__DIRECTIONS FOR THIS TASK__
Return a verbatim reproduction of each line, starting at the line with "this 1600×954 image." and ending at the last line of the listing below.

__DATA EXTRACT__
_ _ _

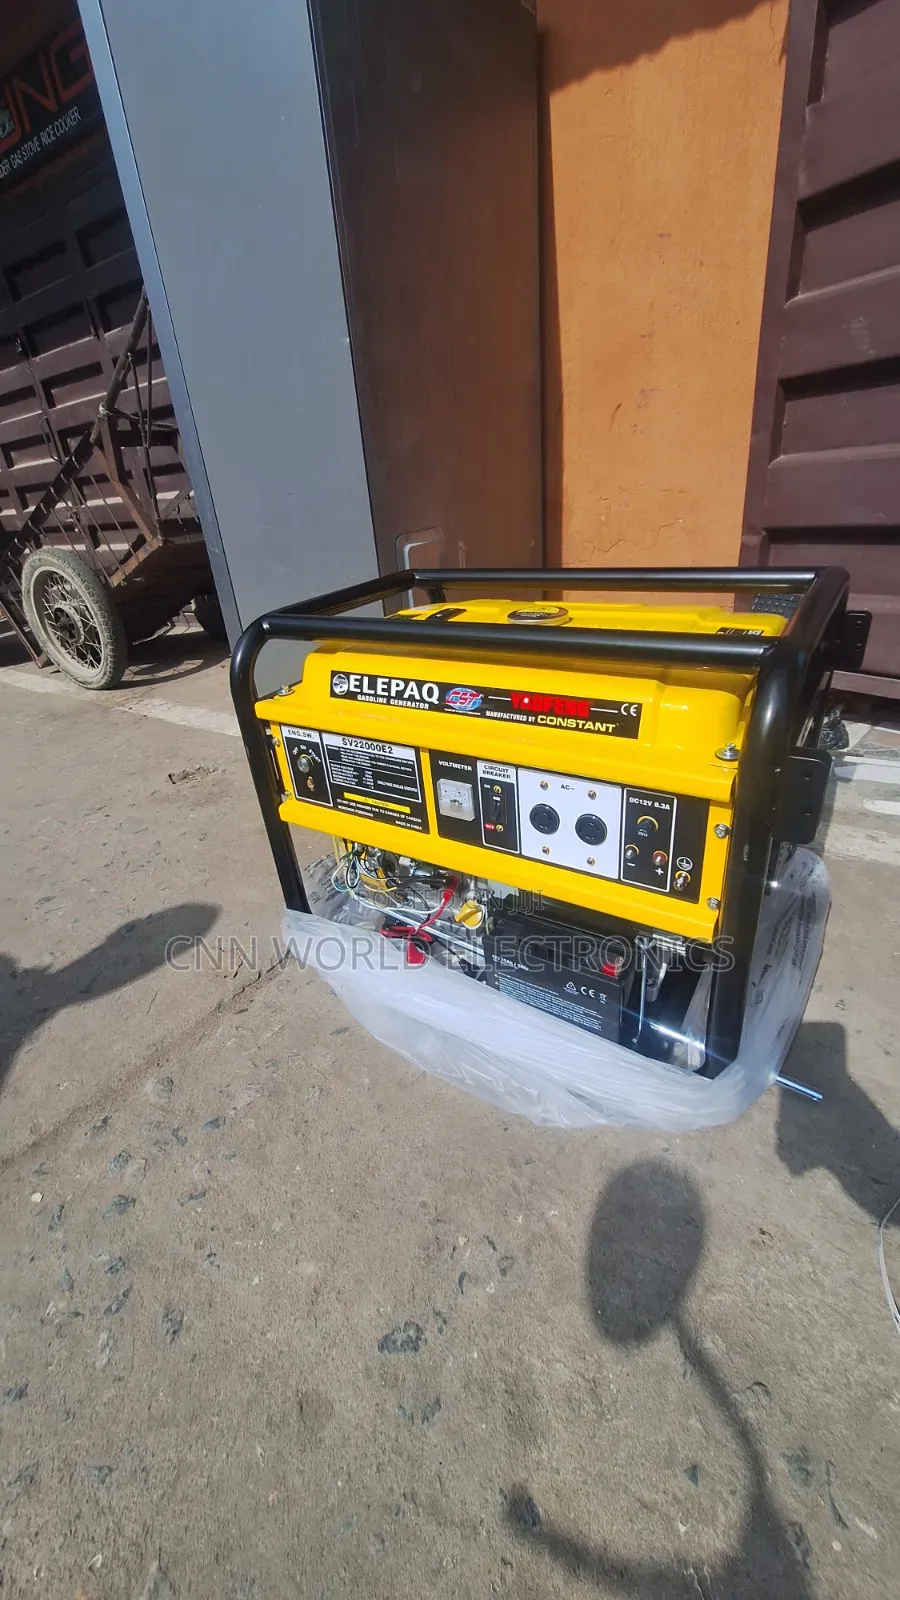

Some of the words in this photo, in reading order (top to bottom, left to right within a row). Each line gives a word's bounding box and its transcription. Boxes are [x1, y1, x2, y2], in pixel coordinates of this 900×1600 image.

[10, 150, 24, 168] GAS
[21, 136, 41, 161] STOVE
[40, 125, 56, 147] RICE
[54, 106, 81, 136] COOKER
[349, 674, 440, 704] ELEPAQ
[357, 694, 387, 704] GASOLINE
[390, 698, 429, 710] GENERATOR
[509, 691, 590, 717] YAOFENG
[485, 710, 527, 722] MANUFACTURED
[537, 714, 616, 733] CONSTANT
[341, 737, 394, 754] SV22000E2
[438, 760, 473, 771] VOLTMETER
[483, 764, 509, 773] CIRCUIT
[482, 770, 511, 779] BREAKER
[629, 797, 652, 807] DC12V
[654, 802, 671, 811] 8.3A
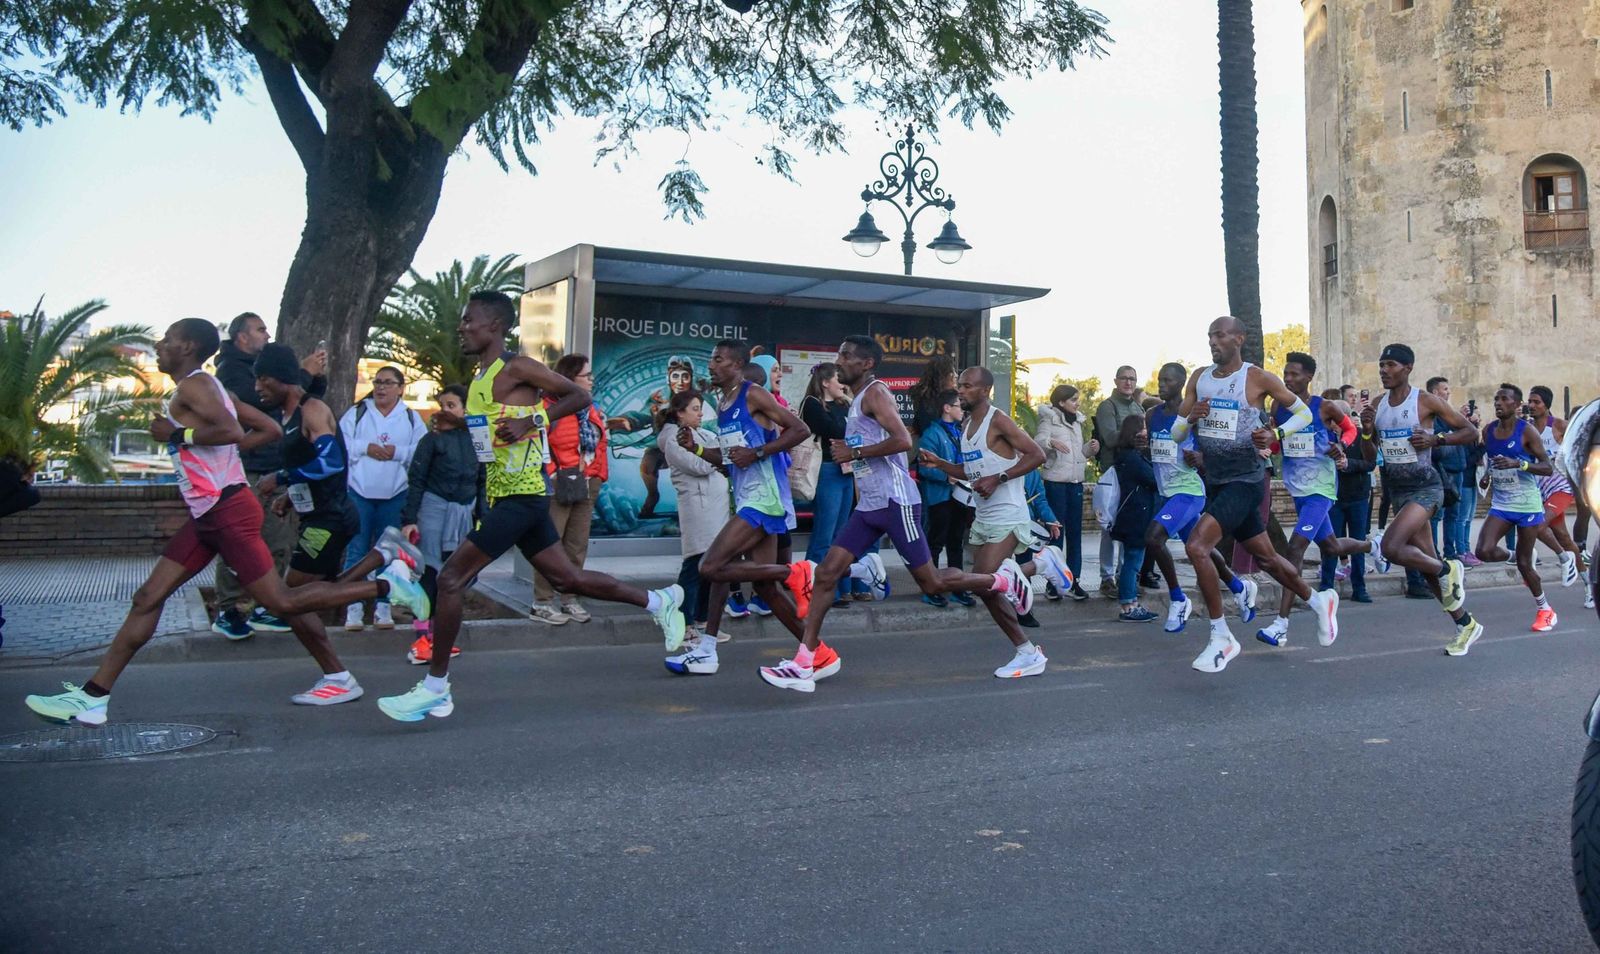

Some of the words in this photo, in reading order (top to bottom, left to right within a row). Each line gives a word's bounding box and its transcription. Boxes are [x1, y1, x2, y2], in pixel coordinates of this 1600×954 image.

[659, 321, 684, 337] DU
[689, 323, 748, 341] SOLEIL
[1210, 400, 1234, 409] ZURICH
[1203, 419, 1230, 430] TARESA
[1387, 430, 1408, 438] ZURICH
[1386, 448, 1409, 456] FEYISA

_ _ _

__SOLUTION FOR THIS EXERCISE__
Some of the words in this photo, in reading order (top to bottom, left to right within a row). Each line gives a word's bounding box and its transcription. Boxes are [x1, y1, x2, y2], in pixel coordinates of this 1600×954 image.

[659, 321, 684, 337] DU
[689, 323, 748, 341] SOLEIL
[1210, 400, 1234, 409] ZURICH
[1203, 419, 1230, 430] TARESA
[1387, 430, 1408, 438] ZURICH
[1386, 448, 1409, 456] FEYISA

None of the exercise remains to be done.